'''

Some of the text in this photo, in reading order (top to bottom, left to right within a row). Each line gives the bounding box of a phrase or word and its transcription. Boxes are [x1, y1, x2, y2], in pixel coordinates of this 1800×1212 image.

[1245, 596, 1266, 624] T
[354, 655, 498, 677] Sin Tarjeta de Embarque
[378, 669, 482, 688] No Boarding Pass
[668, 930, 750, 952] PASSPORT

'''

> Exercise aim
Your reply should hold all the entries, each repeated without a single change.

> Exercise response
Some of the text in this photo, in reading order (top to bottom, left to right within a row). Each line gives the bounding box of a phrase or word and its transcription. Boxes are [x1, y1, x2, y2], in pixel coordinates of this 1800×1212 image.

[1245, 596, 1266, 624] T
[354, 655, 498, 677] Sin Tarjeta de Embarque
[378, 669, 482, 688] No Boarding Pass
[668, 930, 750, 952] PASSPORT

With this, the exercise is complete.